Income TrustsOral Questions

2:50 p.m.

Calgary Nose Hill Alberta

Conservative

Diane Ablonczy ConservativeParliamentary Secretary to the Minister of Finance

Mr. Speaker, the member will know that markets do go up and down but sometimes changes are a necessity for the government. The former government on the opposite side knew this needed to be dealt with but botched the whole thing.

Our government believes we must do the right thing for Canadians rather than just the right thing for our own party and we did that. We preserved our important social programs and we preserved the revenue stream that supports them. Canadians know that it was the thing that Canada needed at this time.

QuebecOral Questions

November 20th, 2006 / 2:55 p.m.

Bloc

Vivian Barbot Bloc Papineau, QC

Mr. Speaker, true to their old habits, the Liberals are tearing themselves apart trying to figure out if they are going to acknowledge something that is obvious, that Quebec is a nation. For his part, the Prime Minister refuses to talk about it and simply utters empty words that allow him to deny the Québécois difference.

Instead of continuing to dodge the issue, can the Prime Minister tell us whether to him Quebec is a nation?

QuebecOral Questions

2:55 p.m.

Wellington—Halton Hills Ontario

Conservative

Michael Chong ConservativePresident of the Queen's Privy Council for Canada

Mr. Speaker, this government is committed to creating a federalism of openness that builds on the strengths of every province and every territory in our federation and that recognizes the culture, the civil law tradition and the French-speaking majority of Quebec.

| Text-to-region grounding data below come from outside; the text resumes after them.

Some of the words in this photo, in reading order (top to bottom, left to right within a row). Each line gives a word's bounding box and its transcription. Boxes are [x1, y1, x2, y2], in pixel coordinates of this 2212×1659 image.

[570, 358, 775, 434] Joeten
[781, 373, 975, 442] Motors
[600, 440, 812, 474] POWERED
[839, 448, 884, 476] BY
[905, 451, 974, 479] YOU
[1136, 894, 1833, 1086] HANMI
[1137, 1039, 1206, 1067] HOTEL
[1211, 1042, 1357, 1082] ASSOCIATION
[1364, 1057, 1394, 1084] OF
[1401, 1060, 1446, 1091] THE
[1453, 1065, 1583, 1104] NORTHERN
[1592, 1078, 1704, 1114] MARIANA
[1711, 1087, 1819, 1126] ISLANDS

Our government is addressing the priorities of Quebeckers by supporting families, lowering taxes and fighting crime. We are not going to get sidetracked by semantics.

QuebecOral Questions

2:55 p.m.

Bloc

Vivian Barbot Bloc Papineau, QC

Mr. Speaker, the Prime Minister keeps saying he wants to have a federalism of openness. Since his election, it has been hard to see any concrete examples of that.

Can the Prime Minister tell us how his approach is any different from that of the previous government, which did its best to deny the existence of the Quebec nation?

QuebecOral Questions

2:55 p.m.

Wellington—Halton Hills Ontario

Conservative

Michael Chong ConservativePresident of the Queen's Privy Council for Canada

Mr. Speaker, our government has already taken concrete action to demonstrate the unique place Quebec has in Canada, consider Quebec's role at UNESCO and our support for the celebration of Quebec City's 400th anniversary.

Our government is addressing the priorities of Quebeckers by supporting families, lowering taxes and fighting crime. We are not going to get sidetracked by semantics.

Child CareOral Questions

2:55 p.m.

Liberal

Omar Alghabra Liberal Mississauga—Erindale, ON

Mr. Speaker, today Canada marks National Child Day. It is an opportunity to assess how we are meeting the needs of this and future generations of young Canadians.

Sadly, the minority Conservative government is moving backward by cancelling our investment in 600,000 new child care spaces. Canadian families are frustrated. The Conservatives have not created a single child care space while waiting lists continue to grow and costs continue to rise.

The Conservatives are abandoning Canadian children and families are wondering why children are not a priority for the government.

Child CareOral Questions

2:55 p.m.

Haldimand—Norfolk Ontario

Conservative

Diane Finley ConservativeMinister of Human Resources and Social Development

Mr. Speaker, as the hon. member knows, his government sat on its hands for 13 years promising to help parents but it never did.

One of the top five priorities on which we have already delivered was the $100 monthly universal child care benefit that was given directly to the parents of each child under the age of six. As of April 1, 2007, we will have the incentives in place to create the new child care spaces.